Provided information:
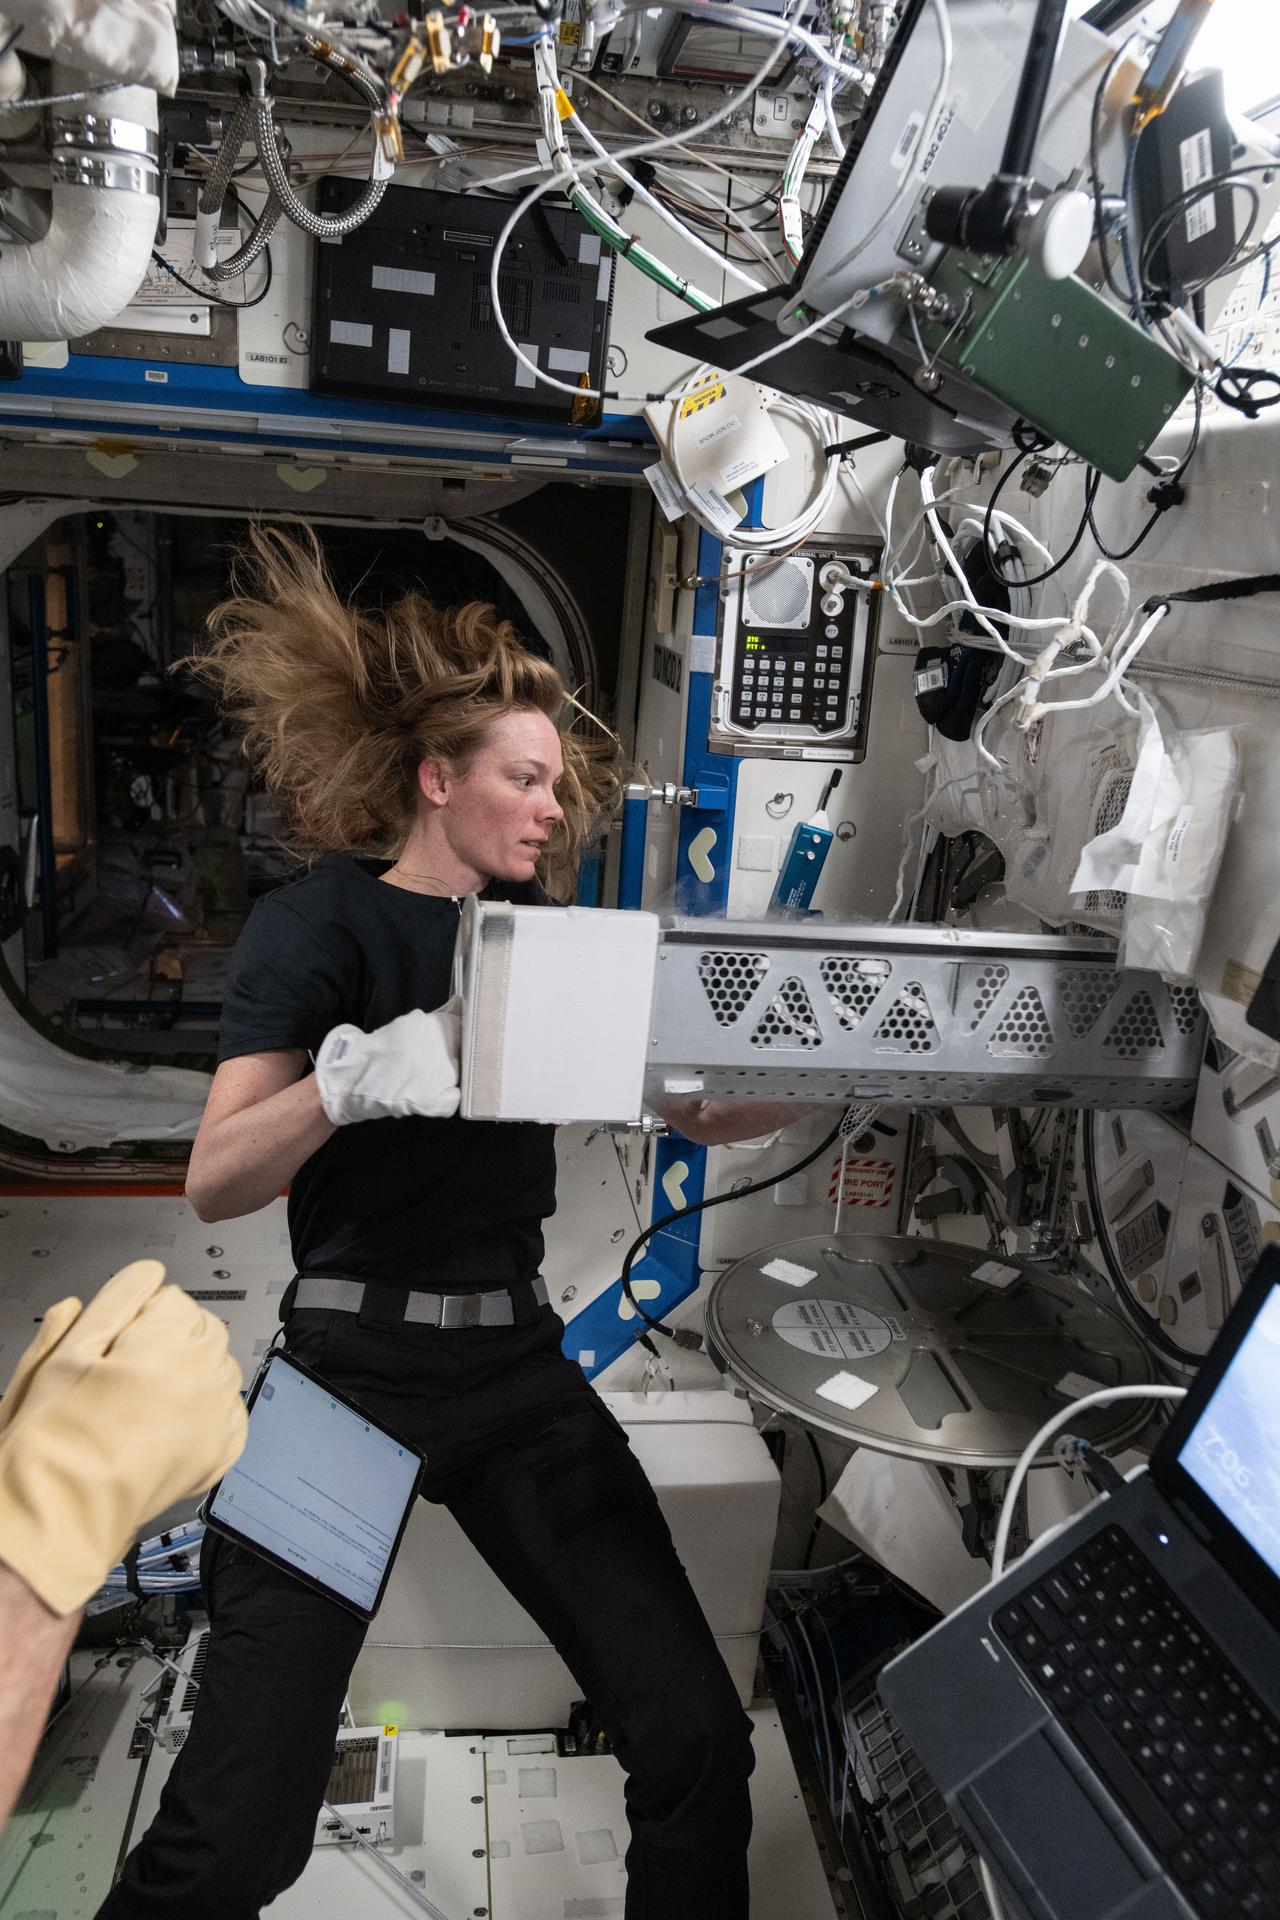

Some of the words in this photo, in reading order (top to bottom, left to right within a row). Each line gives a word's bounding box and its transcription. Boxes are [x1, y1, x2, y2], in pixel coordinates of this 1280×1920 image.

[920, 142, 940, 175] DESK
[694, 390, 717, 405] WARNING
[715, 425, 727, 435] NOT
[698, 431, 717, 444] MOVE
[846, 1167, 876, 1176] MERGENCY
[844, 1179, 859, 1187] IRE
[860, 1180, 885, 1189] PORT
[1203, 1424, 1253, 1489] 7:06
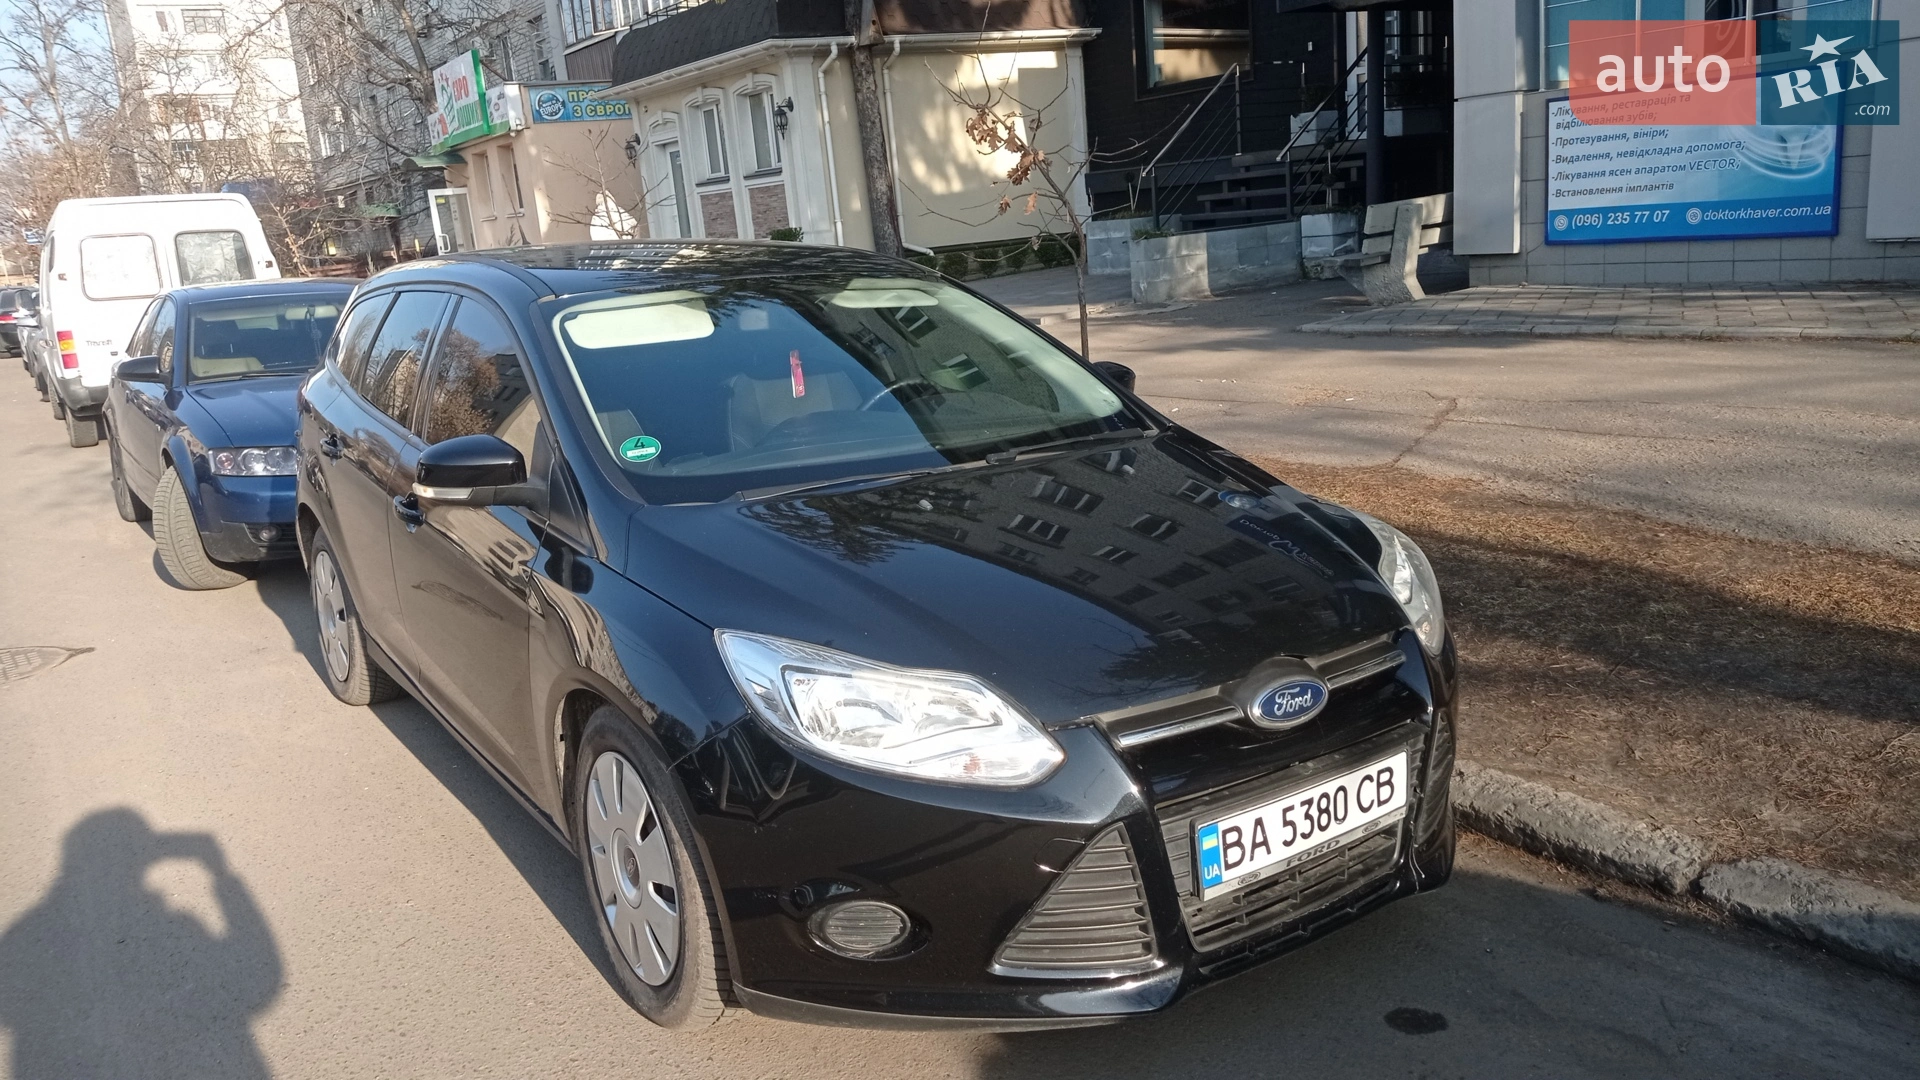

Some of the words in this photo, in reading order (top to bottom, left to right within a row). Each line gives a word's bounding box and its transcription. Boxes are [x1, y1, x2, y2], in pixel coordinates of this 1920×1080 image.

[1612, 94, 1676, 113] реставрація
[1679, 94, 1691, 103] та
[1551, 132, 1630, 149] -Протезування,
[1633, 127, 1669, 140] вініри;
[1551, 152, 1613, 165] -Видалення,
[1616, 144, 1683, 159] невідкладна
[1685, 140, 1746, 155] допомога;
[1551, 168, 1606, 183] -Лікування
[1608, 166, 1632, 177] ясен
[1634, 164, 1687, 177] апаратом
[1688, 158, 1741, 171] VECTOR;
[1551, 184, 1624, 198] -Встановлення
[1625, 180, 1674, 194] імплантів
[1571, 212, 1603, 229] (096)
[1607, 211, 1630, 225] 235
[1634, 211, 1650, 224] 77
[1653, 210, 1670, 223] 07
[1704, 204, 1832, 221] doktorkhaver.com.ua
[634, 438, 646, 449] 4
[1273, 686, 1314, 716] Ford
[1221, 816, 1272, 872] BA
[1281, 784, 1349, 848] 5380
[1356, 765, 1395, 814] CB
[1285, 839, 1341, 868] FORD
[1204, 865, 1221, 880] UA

Work item: Restate the data word for word while omitting each picture.

Problem solution:
Some of the words in this photo, in reading order (top to bottom, left to right within a row). Each line gives a word's bounding box and its transcription. Boxes are [x1, y1, x2, y2], in pixel coordinates of this 1280×1920 image.

[920, 142, 940, 175] DESK
[694, 390, 717, 405] WARNING
[715, 425, 727, 435] NOT
[698, 431, 717, 444] MOVE
[846, 1167, 876, 1176] MERGENCY
[844, 1179, 859, 1187] IRE
[860, 1180, 885, 1189] PORT
[1203, 1424, 1253, 1489] 7:06

Some of the words in this photo, in reading order (top to bottom, left to right within a row). Each line gives a word's bounding box and its transcription. Boxes are [x1, y1, x2, y2], in pixel coordinates of this 1920×1080 image.

[1612, 94, 1676, 113] реставрація
[1679, 94, 1691, 103] та
[1551, 132, 1630, 149] -Протезування,
[1633, 127, 1669, 140] вініри;
[1551, 152, 1613, 165] -Видалення,
[1616, 144, 1683, 159] невідкладна
[1685, 140, 1746, 155] допомога;
[1551, 168, 1606, 183] -Лікування
[1608, 166, 1632, 177] ясен
[1634, 164, 1687, 177] апаратом
[1688, 158, 1741, 171] VECTOR;
[1551, 184, 1624, 198] -Встановлення
[1625, 180, 1674, 194] імплантів
[1571, 212, 1603, 229] (096)
[1607, 211, 1630, 225] 235
[1634, 211, 1650, 224] 77
[1653, 210, 1670, 223] 07
[1704, 204, 1832, 221] doktorkhaver.com.ua
[634, 438, 646, 449] 4
[1273, 686, 1314, 716] Ford
[1221, 816, 1272, 872] BA
[1281, 784, 1349, 848] 5380
[1356, 765, 1395, 814] CB
[1285, 839, 1341, 868] FORD
[1204, 865, 1221, 880] UA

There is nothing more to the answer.